Comment 2: [Was there hyperparameter tuning of the machine learning techniques and the hybrid deep learning technique? If there was, authors are expected to present that range of tuning parameters used and the optimal parameters after the fine tuning.]

Response 2: [Yes, hyperparameter tuning was conducted for the deep learning models using grid search and empirical validation. Section 3.3_b]

Comment 3: [Authors claim to use data from September 2010 to September 2024 in the Data Collection section. However, there is a contradictory statement that the data used was from January 1, 2010 to December 31, 2024 in the Experimental Setup section. Authors should reconcile these two statements for consistency.]

Response 3: [We have corrected this inconsistency by standardizing the data period across all sections to January 2010 – December 2024]

Comment 4: [It should be noted that the training data used for the study did not capture the 2020 pandemic (COVID-19). It was only the testing data that included this condition. This drawback is evident in Figure 3. Clearly, in the first 200 days of the plot, the model performed well but deviated sharply as the days increase.]

Response 4: [We acknowledge this limitation and have added a discussion on how the lack of COVID-19 data in the training set may have impacted the model’s generalization. We now suggest future research could use transfer learning or online learning to adapt models dynamically to sudden market shocks. Section 4.2]

Comment 5: [From Figure 3, there are 720 days, which is less than the number of days used for the testing data. Authors should explain the discrepancies.]

Response 5: [We have now clarified that Figure 3 displays only a subset of the testing period (approximately 3 years) for visualization clarity. However, the full test set includes 5 years (2020–2024).]

Comment 6: [Authors compared a standalone Random Forest and Support vector machine to a hybrid of LSTM and CNN. It would be appropriate if authors are to also compare different hybrid model to their proposed hybrid LSTM-CNN.]

Response 6: [We acknowledge the reviewer’s suggestion regarding the inclusion of additional hybrid model comparisons. The primary focus of our study was to evaluate the effectiveness of hybrid deep learning models compared to traditional machine learning techniques.
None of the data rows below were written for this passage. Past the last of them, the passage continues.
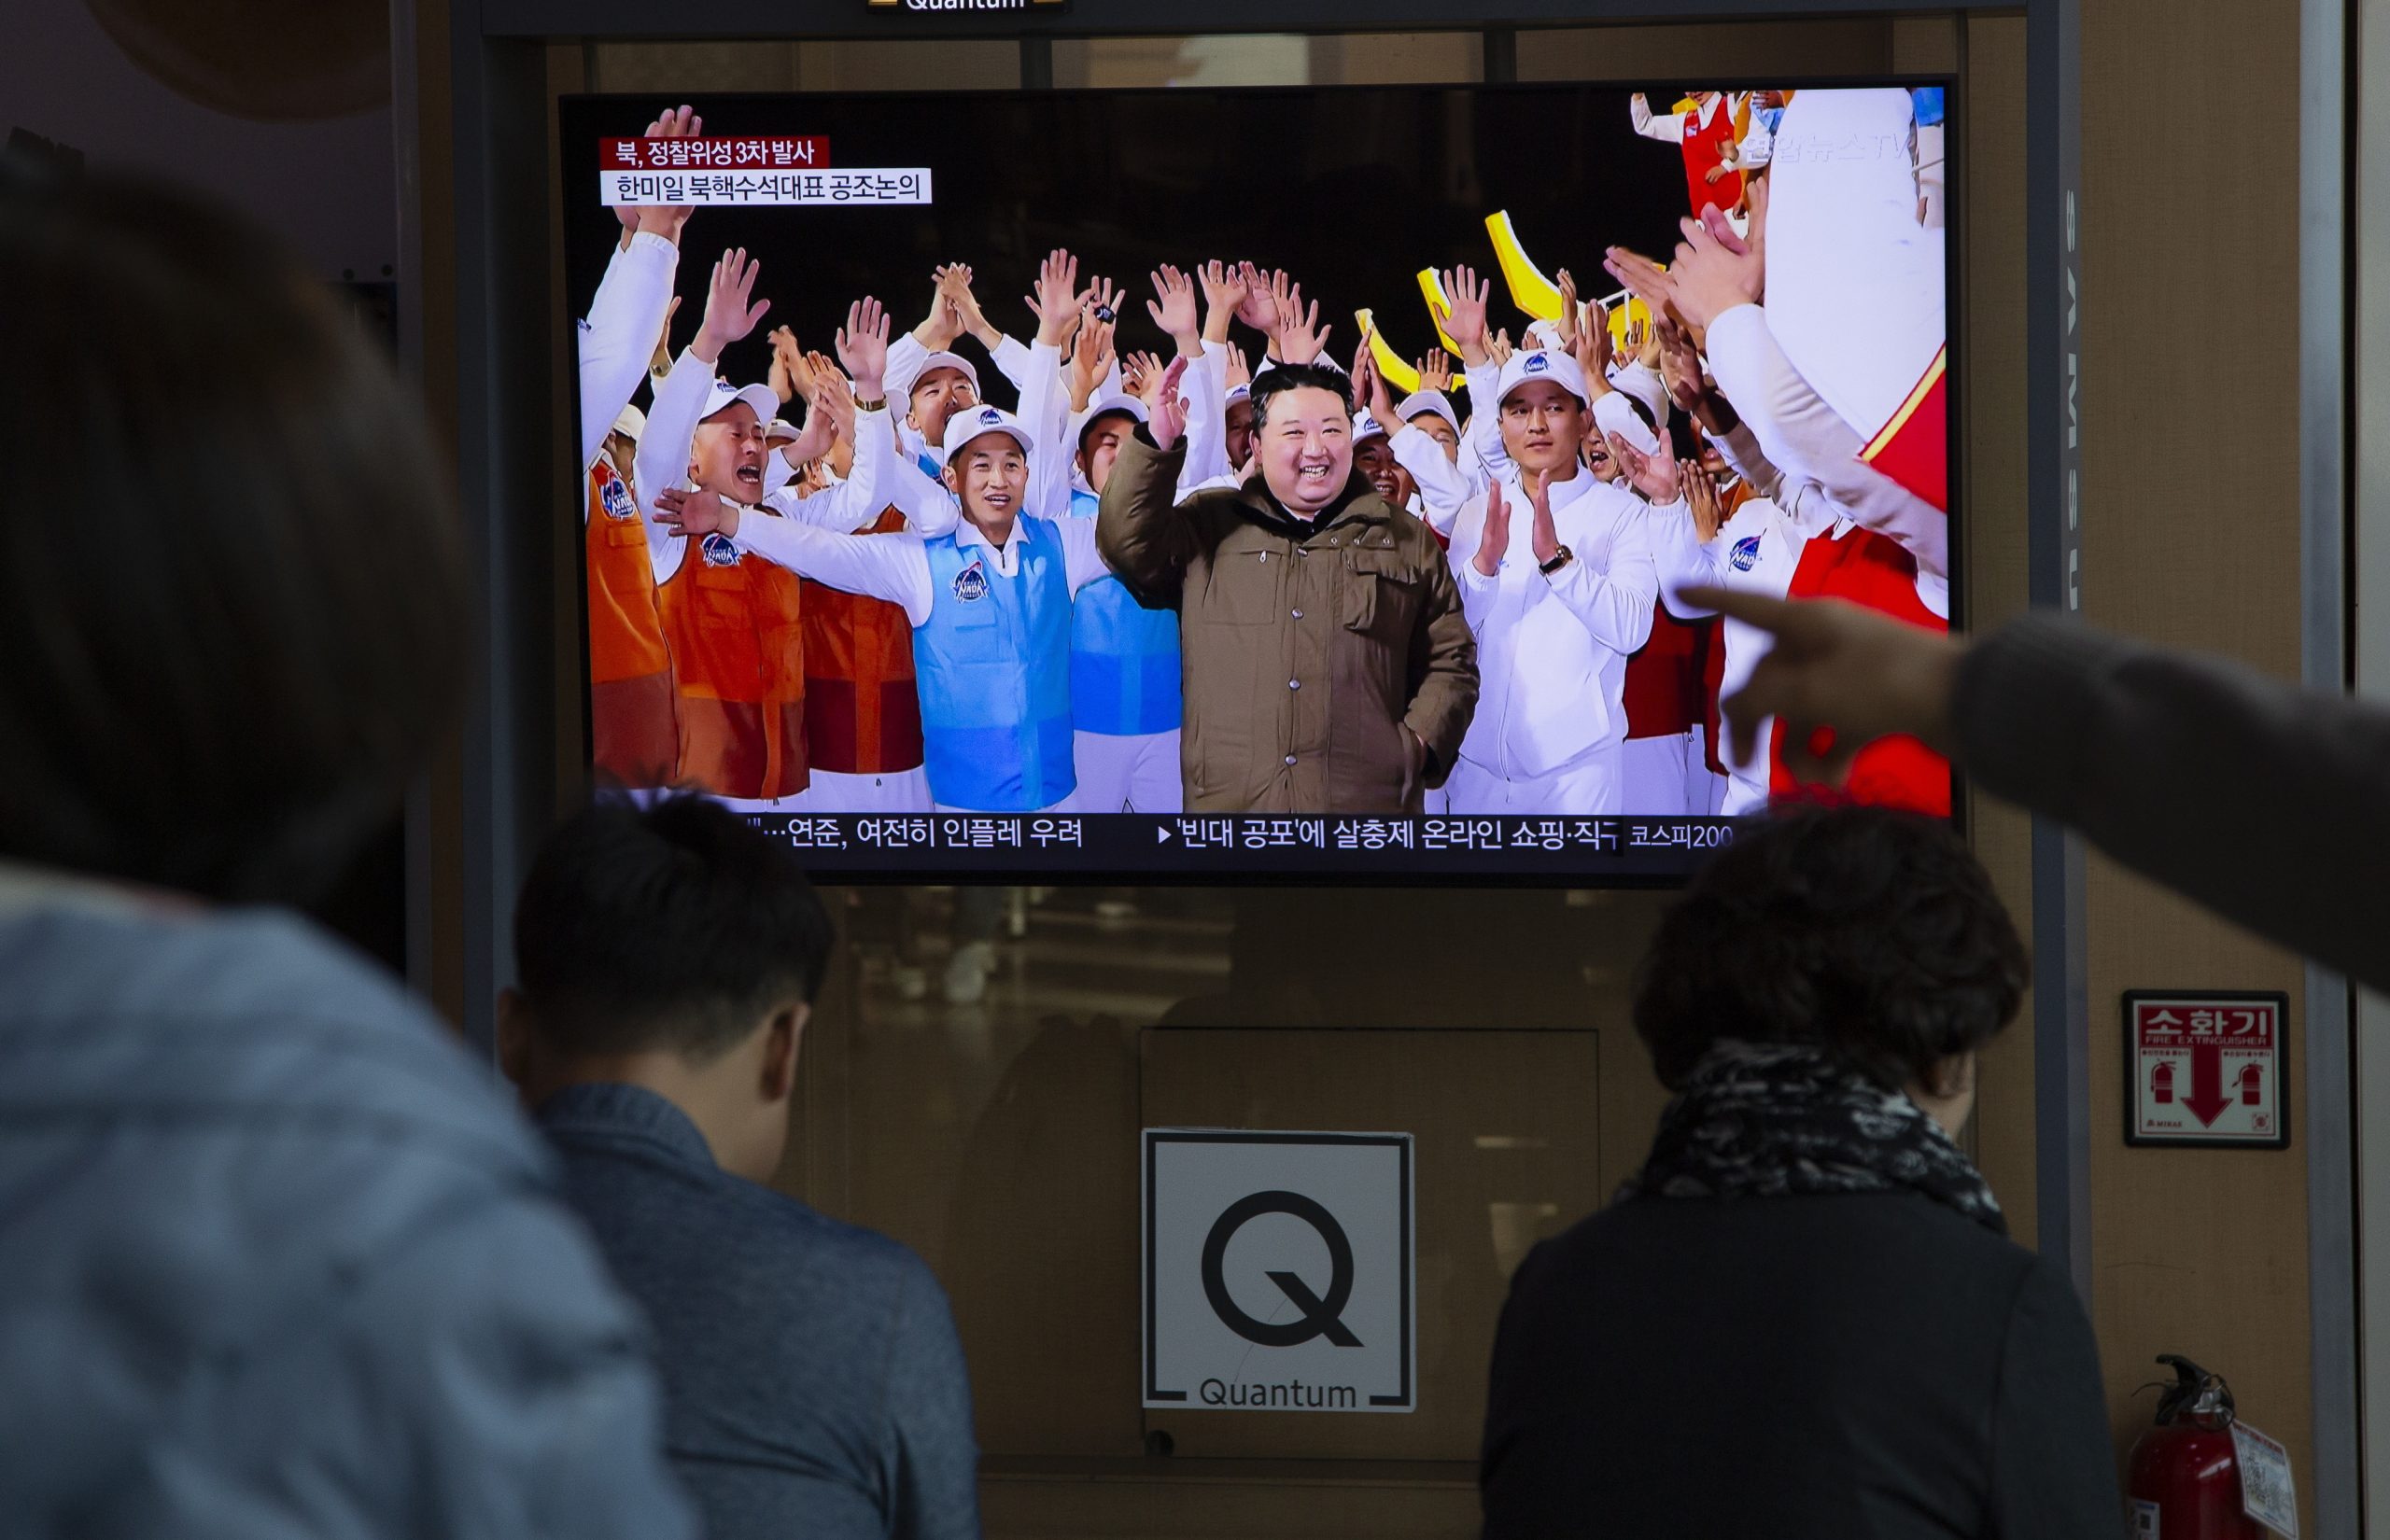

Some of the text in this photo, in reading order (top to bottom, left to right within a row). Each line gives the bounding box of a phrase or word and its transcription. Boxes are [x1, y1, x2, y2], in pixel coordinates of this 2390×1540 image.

[615, 140, 815, 168] 북, 정찰위성 3차 발사
[616, 174, 921, 203] 한미일 북핵수석대표 공조논의
[2065, 189, 2079, 611] SAMSU
[856, 819, 935, 847] 여전히
[943, 819, 1021, 847] 인플레
[1030, 819, 1082, 847] 우려
[1176, 819, 1233, 848] '빈대
[1241, 819, 1325, 849] 공포'에
[1332, 820, 1413, 849] 살충제
[1421, 820, 1503, 849] 온라인
[2145, 1009, 2268, 1036] 소화기
[2145, 1035, 2267, 1045] FIRE EXTINGUISHER
[1201, 1190, 1365, 1348] Q
[1200, 1378, 1357, 1407] Quantum
Given the complexity and computational costs associated with training multiple deep learning hybrids, we prioritized the LSTM-CNN model due to its established success in capturing both temporal dependencies and spatial feature patterns in financial data. However, we recognize the importance of comparing different hybrid architectures. Future research could extend our findings by incorporating additional hybrid models, such as LSTM-GRU, CNN-GRU, or Transformer-based models, to assess their relative performance in financial forecasting. Section 4-3]

Round 2

Reviewer 2 Report

Comments and Suggestions for Authors

Comment for 4 of the previous reviews has not been implemented. 
Authors should divide the data in a way that the training data will capture part of the covid-19 period. This is a major drawback that should not be swept under the carpet.
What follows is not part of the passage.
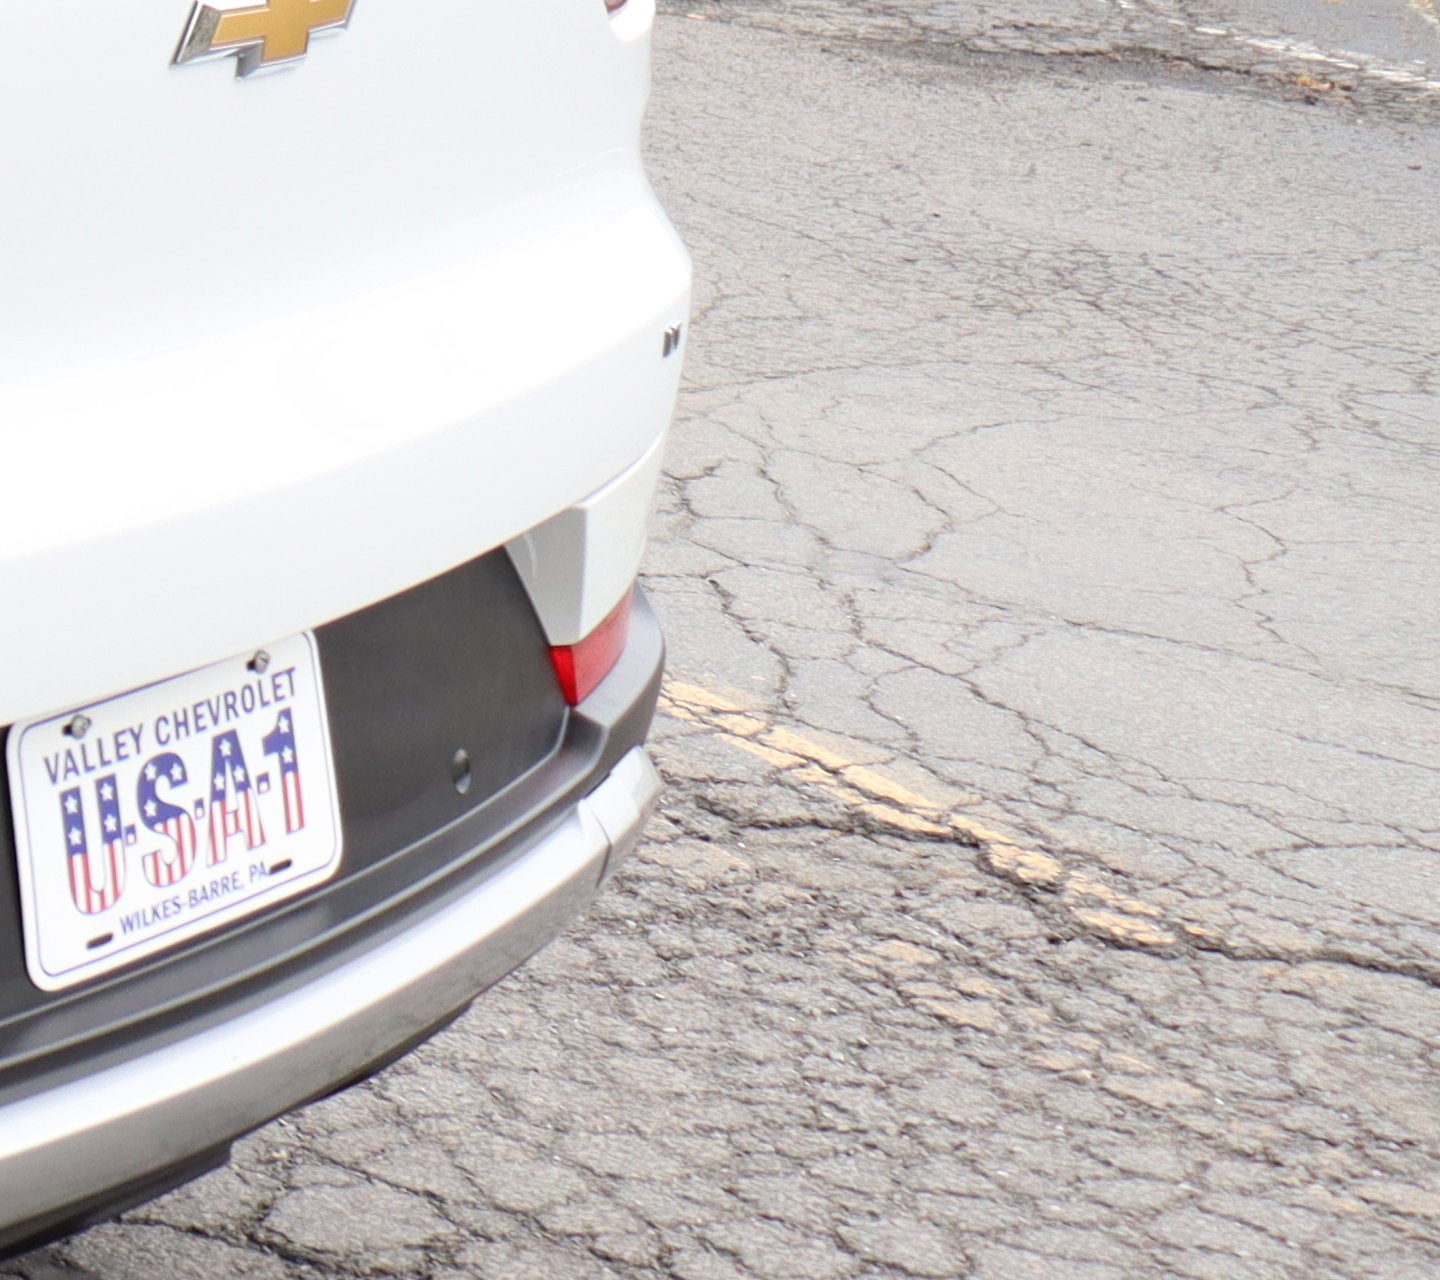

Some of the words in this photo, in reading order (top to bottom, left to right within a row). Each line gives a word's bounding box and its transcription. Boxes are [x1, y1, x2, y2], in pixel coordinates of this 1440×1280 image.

Comments on the Quality of English Language

Not Applicable

Author Response

Comment: [Comment for 4 of the previous reviews has not been implemented. 
Authors should divide the data in a way that the training data will capture part of the covid-19 period. This is a major drawback that should not be swept under the carpet.]

Response [

We appreciate this important observation. We understand the significance of incorporating the COVID-19 period in the training phase. However, in our original study design, we intentionally excluded this period from the training set to evaluate the model’s ability to generalize under unseen crisis conditions. This form of out-of-sample stress testing is common in financial forecasting literature and allows us to simulate how the model might perform during unexpected economic shocks.
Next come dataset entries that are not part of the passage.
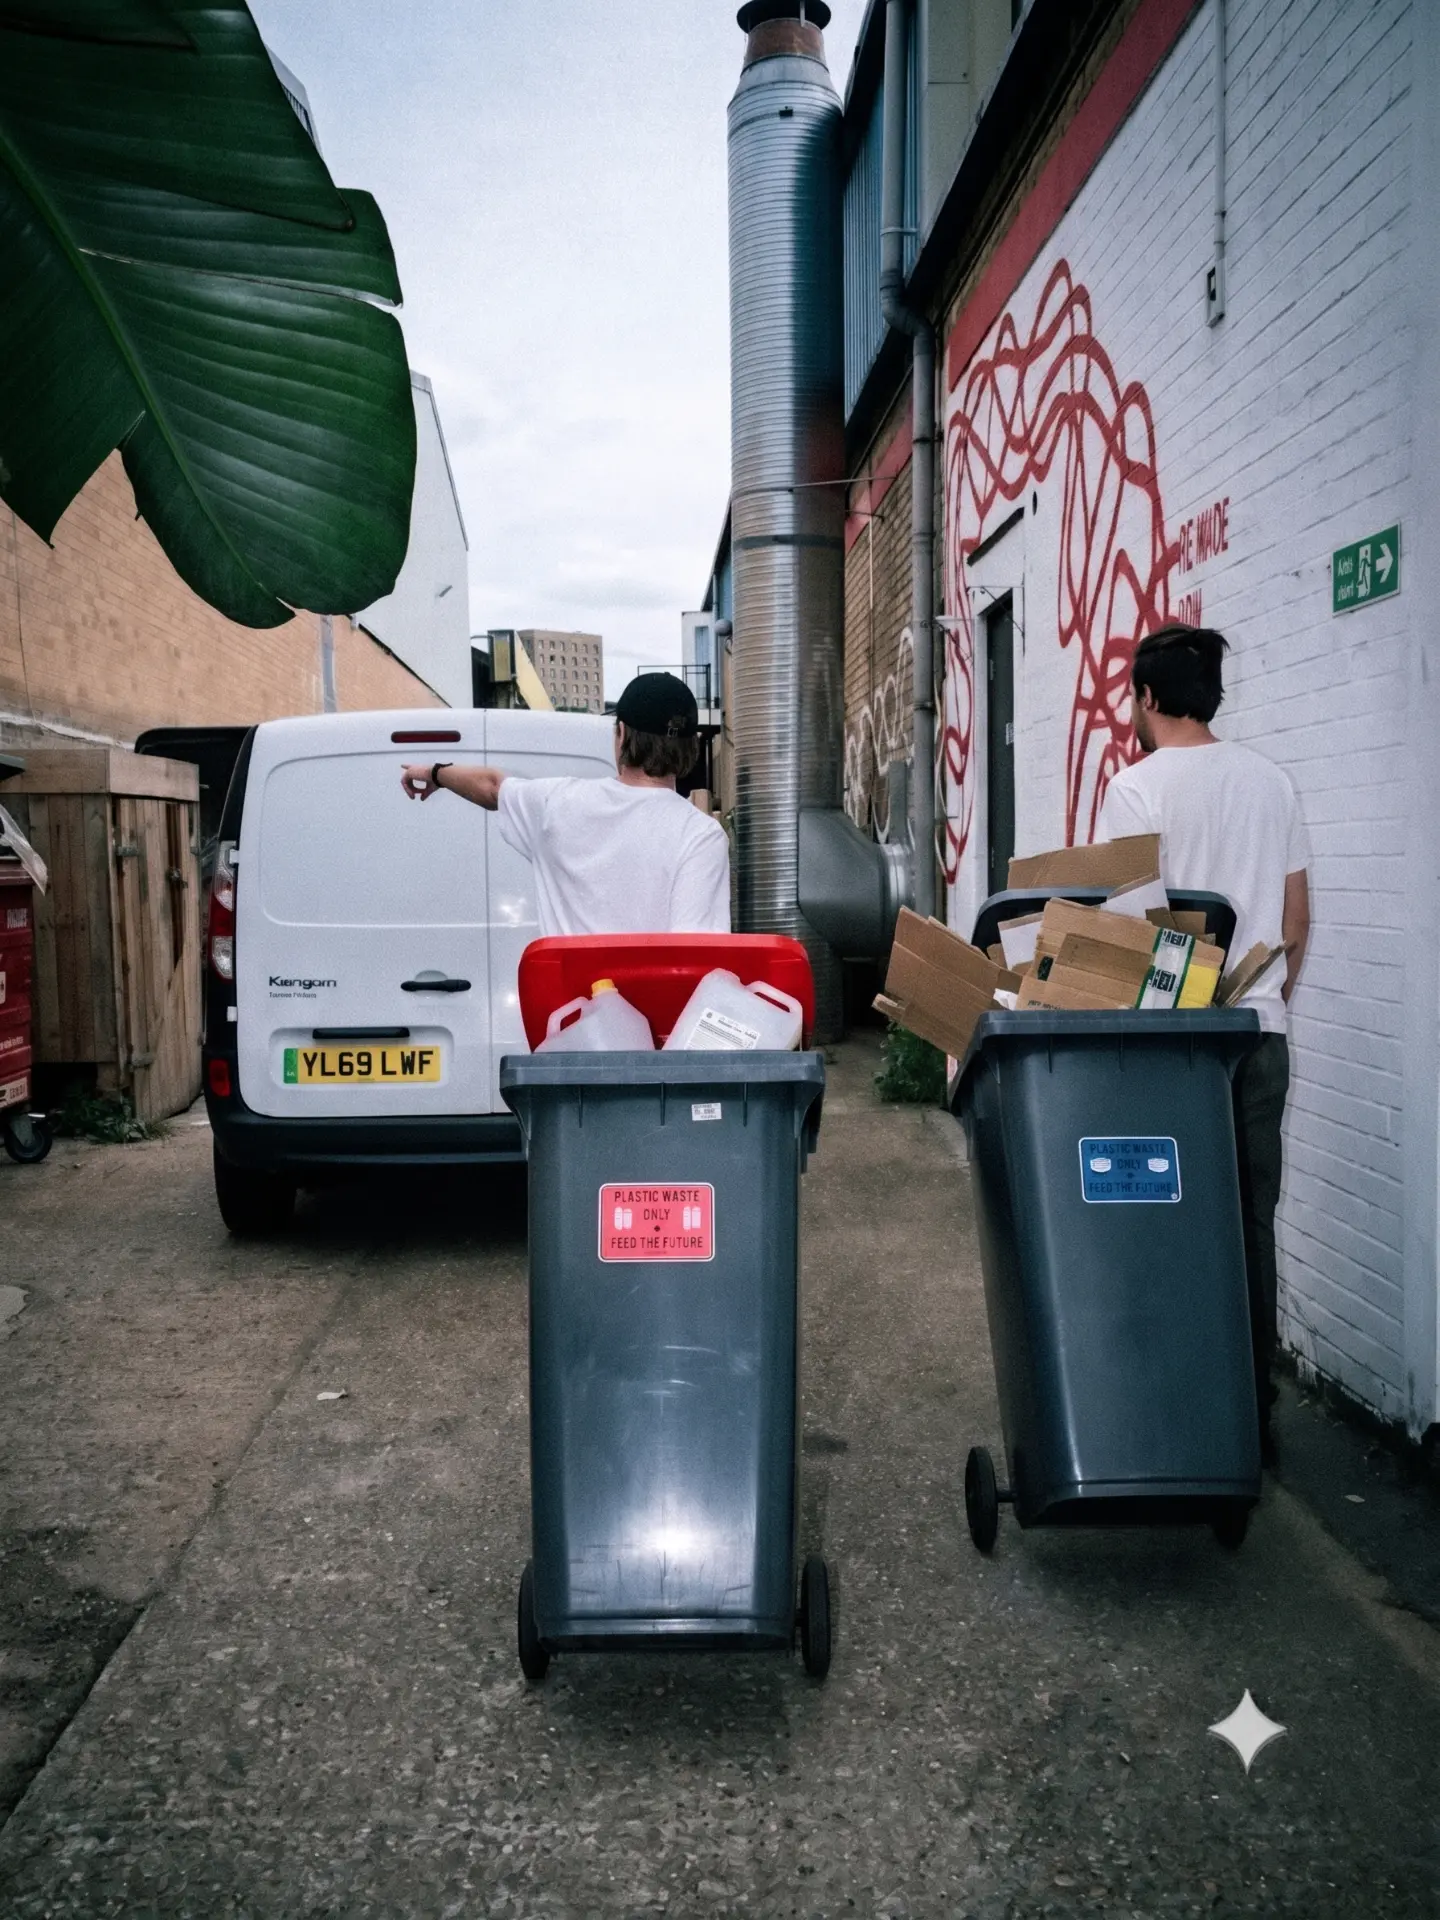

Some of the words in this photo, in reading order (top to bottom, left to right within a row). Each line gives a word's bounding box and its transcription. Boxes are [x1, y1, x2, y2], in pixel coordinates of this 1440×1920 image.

[303, 1051, 373, 1077] YL69
[381, 1050, 434, 1075] LWF
[1089, 1143, 1132, 1154] PLASTIC
[1134, 1143, 1166, 1154] WASTE
[1117, 1158, 1141, 1170] ONLY
[1089, 1182, 1112, 1193] FEED
[1115, 1182, 1133, 1193] THE
[1135, 1182, 1172, 1193] FUTURE
[614, 1190, 659, 1203] PLASTIC
[662, 1190, 700, 1202] WASTE
[643, 1208, 671, 1220] ONLY
[611, 1237, 637, 1249] FEED
[640, 1236, 660, 1249] THE
[662, 1236, 703, 1248] FUTURE
That said, we acknowledge the merit of also evaluating model performance when such shocks are included in training. We have now clarified this rationale in the manuscript and recommend future work to include COVID-19 data in both training and testing to assess adaptive learning under crisis-driven volatility.]

Round 3

Reviewer 2 Report

Comments and Suggestions for Authors

Authors have responded to all of my comments.